(written from a Production point of view)
Craig L. Barron (born 6 April 1961; age 55) is a motion picture visual effects specialist who has contributed to five of the ten Star Trek feature films. As a member of Industrial Light & Magic's (ILM) matte department, Barron worked as a matte photographer on Star Trek II: The Wrath of Khan, Star Trek III: The Search for Spock, and Star Trek IV: The Voyage Home. He also worked on such films as Star Wars: Episode V – The Empire Strikes Back, Raiders of the Lost Ark, E.T. the Extra-Terrestrial, Poltergeist, The Goonies, Cocoon, The Witches of Eastwick, and Willow.

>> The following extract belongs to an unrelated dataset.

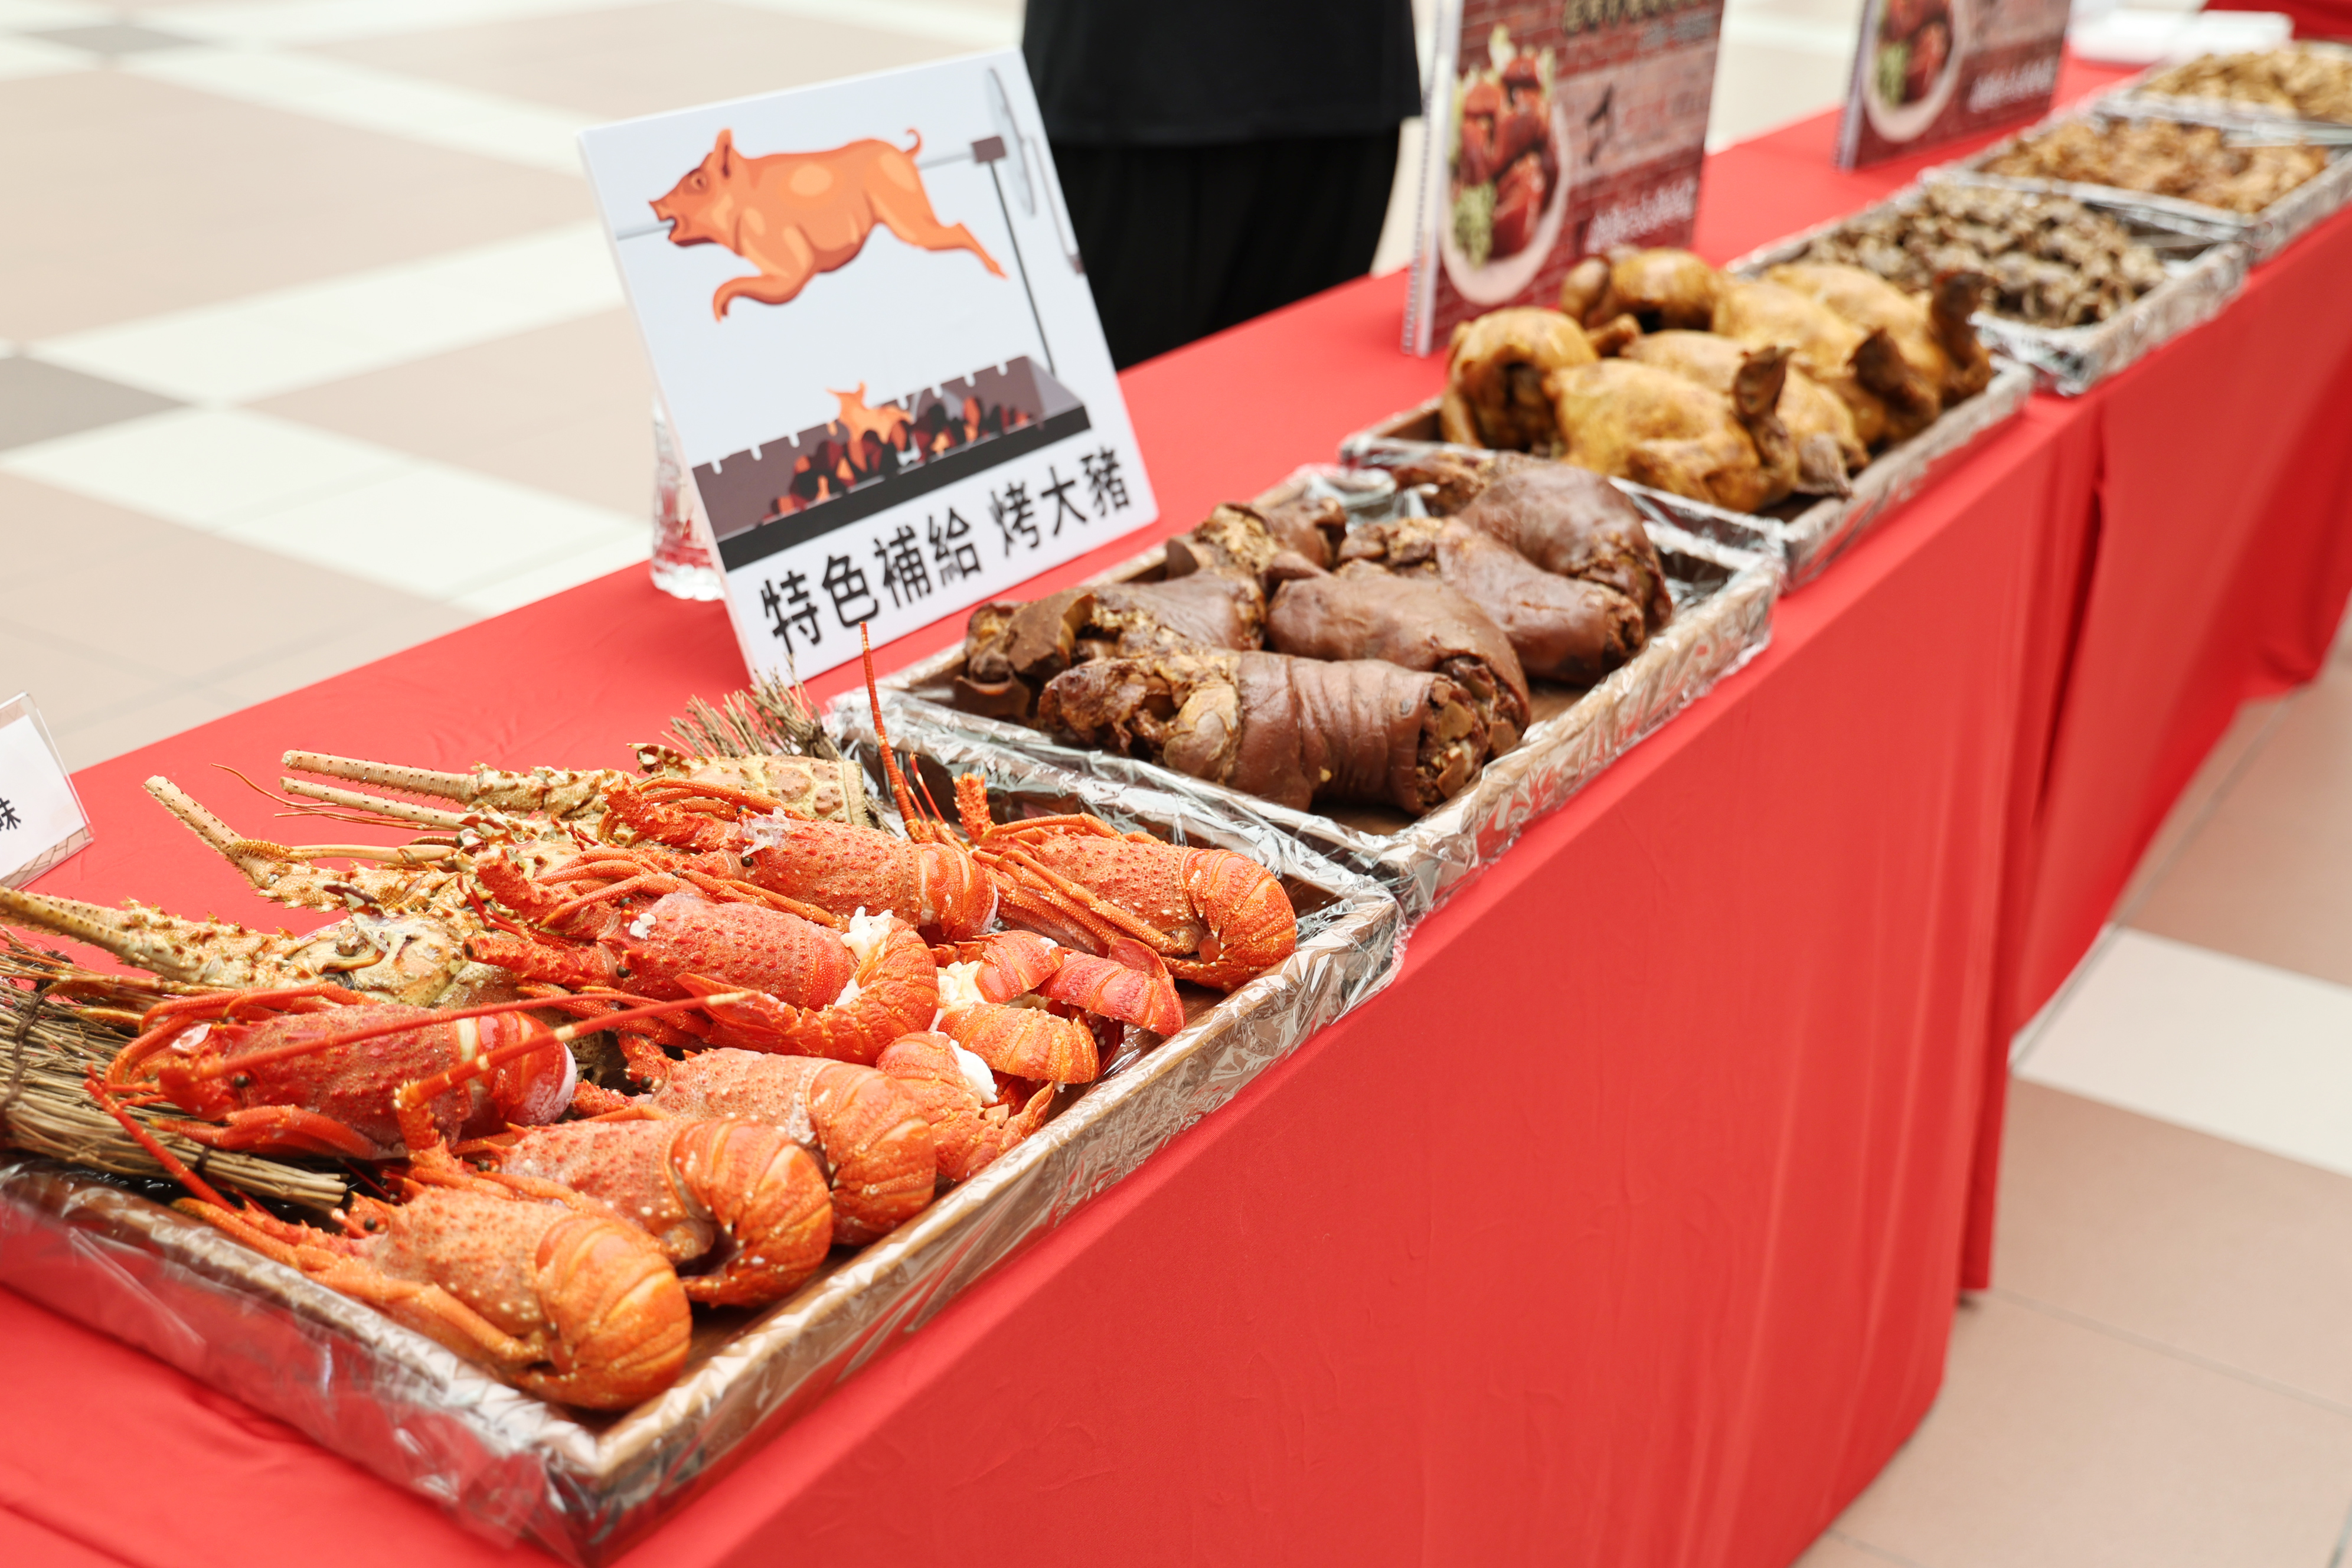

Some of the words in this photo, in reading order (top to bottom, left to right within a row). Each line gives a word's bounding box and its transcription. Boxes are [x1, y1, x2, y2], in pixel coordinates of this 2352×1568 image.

[760, 507, 982, 654] 特色補給
[989, 447, 1130, 556] 烤大豬

After eight years with ILM, which he had joined at the age of 18 in 1979, at the time the youngest employee at that company, Barron co-founded in 1988 a VFX company, with Krystyna Demkowicz and ILM colleague Michael Pangrazio, called Matte World (renamed Matte World Digital in 1992) where he held the title of Visual Effects Supervisor. It was in this capacity that he contributed to two more Trek films, Star Trek VI: The Undiscovered Country and Star Trek: First Contact.
The first film Barron worked on in his own company was Martin Scorsese's The Last Temptation of Christ in 1989. Subsequent films include Gremlins 2: The New Batch, Robin Hood: Prince of Thieves, Dracula, Demolition Man, Clear and Present Danger, Casino, Independence Day, Con Air, Titanic, The Truman Show, Armageddon, X-Men, The Mummy Returns, The Ring, The Last Samurai, and Zodiac.
In 1993, Barron earned an Academy Award nomination for his work on Batman Returns. He shared the nomination with the film's Visual Effects Supervisor, Mike Fink, and the Visual Effects Supervisor of Boss Film Studios, John Bruno. In 2009, Barron won an Academy Award for his visual effects work on Paramount Pictures' The Curious Case of Benjamin Button, which he shared with Burt Dalton.
In August 2012, Barron was forced to close down his company, being sole CEO of by then, due to increased overseas competition.
Together with free-lance author Mark Cotta Vaz, Barron has co-authored the 2002 reference book, The Invisible Art: The Legends of Movie Matte Painting, which chronicles the history of matte painting.